Comment peut-on définir l’économie collaborative ? Va-t-elle réellement révolutionner nos modes de vie, et devenir à terme un point majeur de notre économie ? Ou n’est-elle qu’une simple tendance, qui n’atteindra finalement pas les résultats qu’on lui prédit aujourd’hui ?
Dans cet article, Skema Conseil dresse le bilan de cette « économie du partage ».
Rachel Botsman et Roo Rogers ont été les premiers à répondre à ces questions en 2011, à travers leur ouvrage What’s mine is yours, the rise of collaborative consumption(Ce qui est à moi est à toi, la montée de la consommation collaborative), dans lequel ils démontrent que l’économie collaborative est force de changement, et en passe de devenir un réel « mouvement ».
Certains chiffres appuient cette idée, notamment les 90 000 startups qui composaient ce marché en 2016, le fait que 9 français sur 10 déclarent déjà aujourd’hui avoir réalisé au moins une fois une pratique de consommation collaborative, ou encore la prévision d’un taux de croissance annuel moyen de ce marché de 36,4% sur les 10 prochaines années.
Si elle connait aujourd’hui un tel succès, c’est aussi parce que l’économie collaborative s’inscrit dans un contexte qui lui est entièrement favorable : Démocratisation de la méfiance envers tous les acteurs de notre système actuel tant sur le plan économique que politique, crise économique, changement de mentalité avec une prise de conscience globale quant à l’environnement et l’attente de relations sociales plus conviviales, mais aussi et surtout l’essor des nouvelles technologies, qui offrent aujourd’hui des plateformes bien plus faciles d’utilisation et à très faibles coûts !
Malgré cela, seulement quelques années après son essor, certaines dérives possibles de ce nouveau modèle voient le jour…Il est parfois accusé d’avoir un impact opposé à celui attendu sur les relations sociales, avec la création d’un entre-soi notamment, mais c’est en particulier dans le domaine du travail que ces effets ambigus se font le plus ressentir…
La précarisation du travail dans un premier temps, avec par exemple la révolte des chauffeurs de Taxi face à Uber, ou des hôteliers face à Airbnb…et la multiplication du nombre d’emplois jugés précaires, comme l’explique la journaliste Sarah Kessler après avoir tenté de passer un mois à tenter de survivre uniquement de petits boulots : « Au lieu de la révolution du travail promise, je n’ai trouvé que des tâches pénibles, un faible salaire et un système défavorable pour les salariés ». Cela nous mène, selon certains, comme Anne-Sophie Novel, auteure de La Vie share, mode d’emploi, à « l’ère de la débrouille ».
Puis le risque de monopole des plateformes dans un second temps, finalement opposé aux valeurs initiales de partage et de coopération de cette économie, avec un système toujours aussi inégalitaire, mettant en scène des travailleurs qui ne sont certes plus sous les ordres d’un employeur, mais désormais dépendants des plates-formes, de leurs règles et de leurs systèmes de notation.
Ce début de remise en cause n’étonne en rien Damien Demailly, chercheur à l’Institut du développement durable et des relations internationales (Iddri), : « On suit une courbe classique de l’innovation, avec au départ un fort enthousiasme, et puis l’on se rend compte que les choses sont plus complexes ». C’est finalement une description très proche de la réalité que nous venons de décrire, et nous avons bien compris que la complexité de ce phénomène s’inscrit principalement dans le cadre juridique qui l’entoure.
Ainsi, si régulation il doit y avoir, celle-ci doit être effectuée de façon subtile afin d’éviter de tomber dans deux écueils : l’instabilité juridique (qui briderait l’essor des plateformes) et les approches trop radicales (au risque de voir s’effondrer toutes les plateformes européennes).
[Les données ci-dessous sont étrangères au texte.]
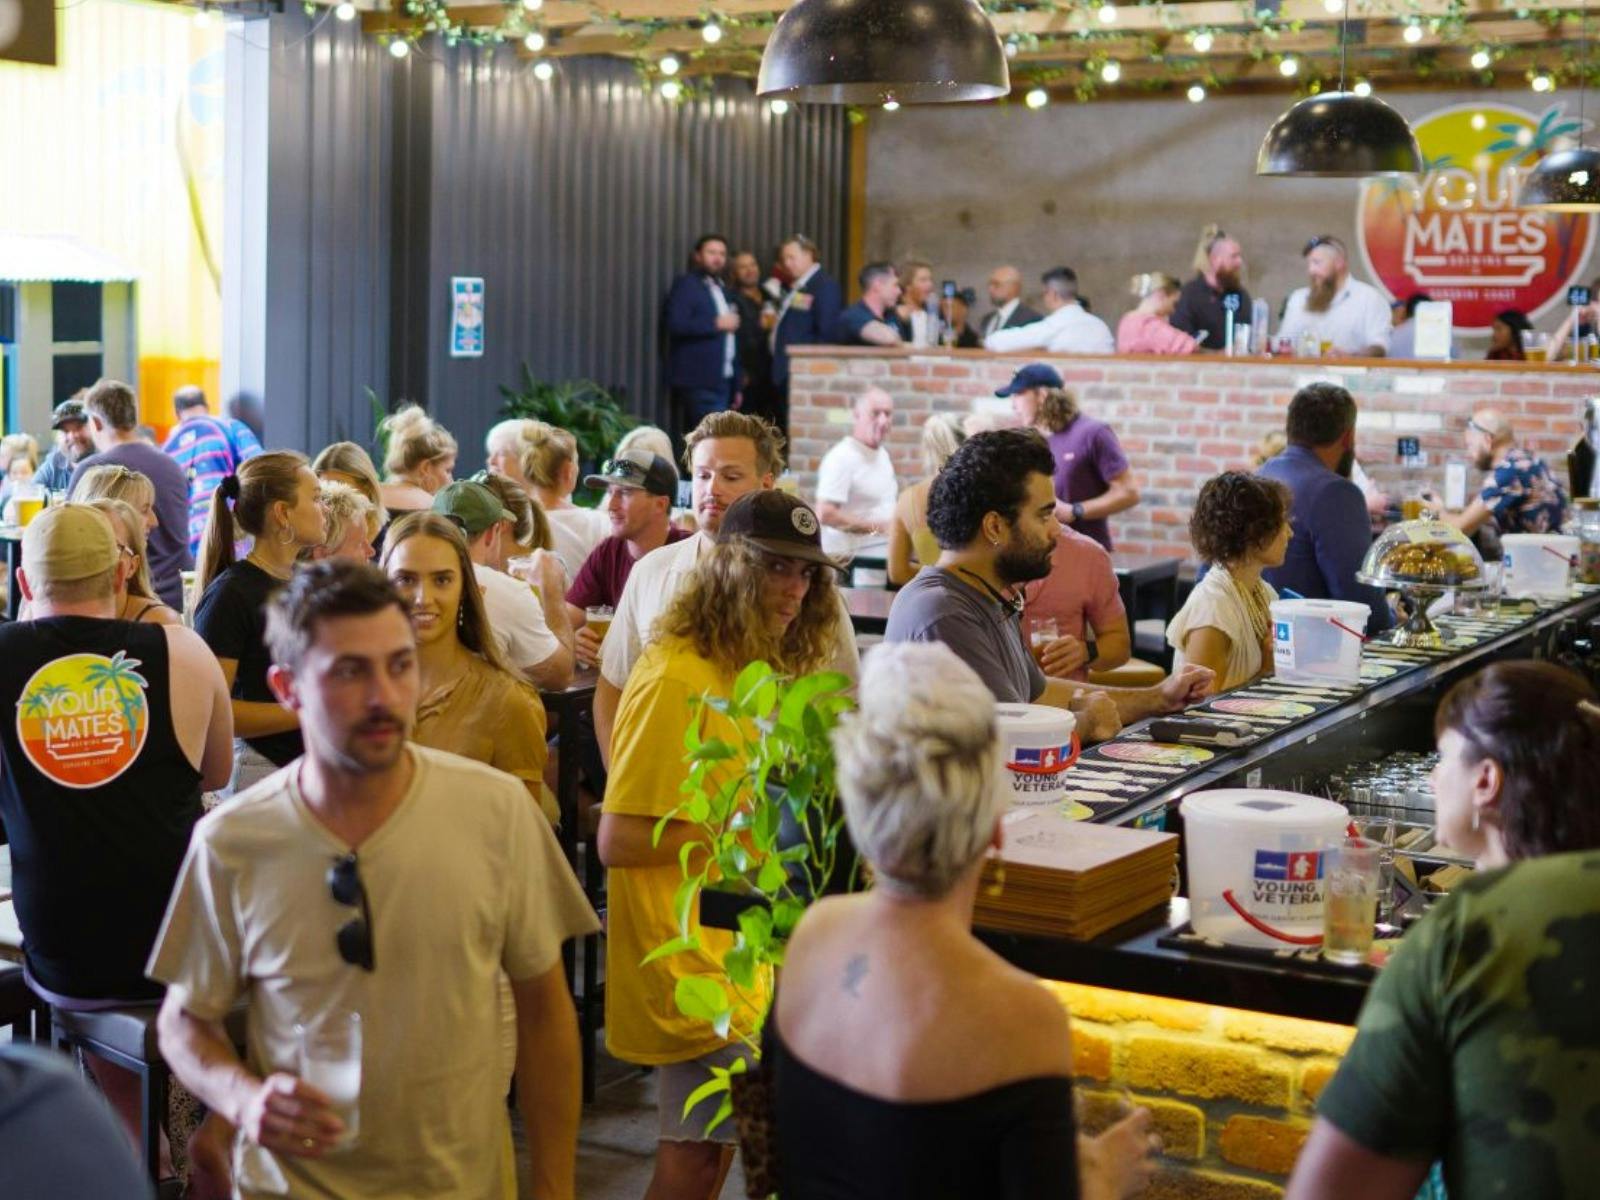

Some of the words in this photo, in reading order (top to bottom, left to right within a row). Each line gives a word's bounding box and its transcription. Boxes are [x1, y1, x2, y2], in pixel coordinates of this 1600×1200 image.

D’ailleurs, nous pouvons observer que des solutions émergent déjà, notamment en France, avec l’instauration d’une responsabilité sociale des plateformes numériques, la clarification des seuils d’affiliation, et l’augmentation du pouvoir de contrôle des agents, et qu’elles sont donc synonymes de bons présages pour ce modèle économique, qui n’a sûrement pas fini de faire parler de lui…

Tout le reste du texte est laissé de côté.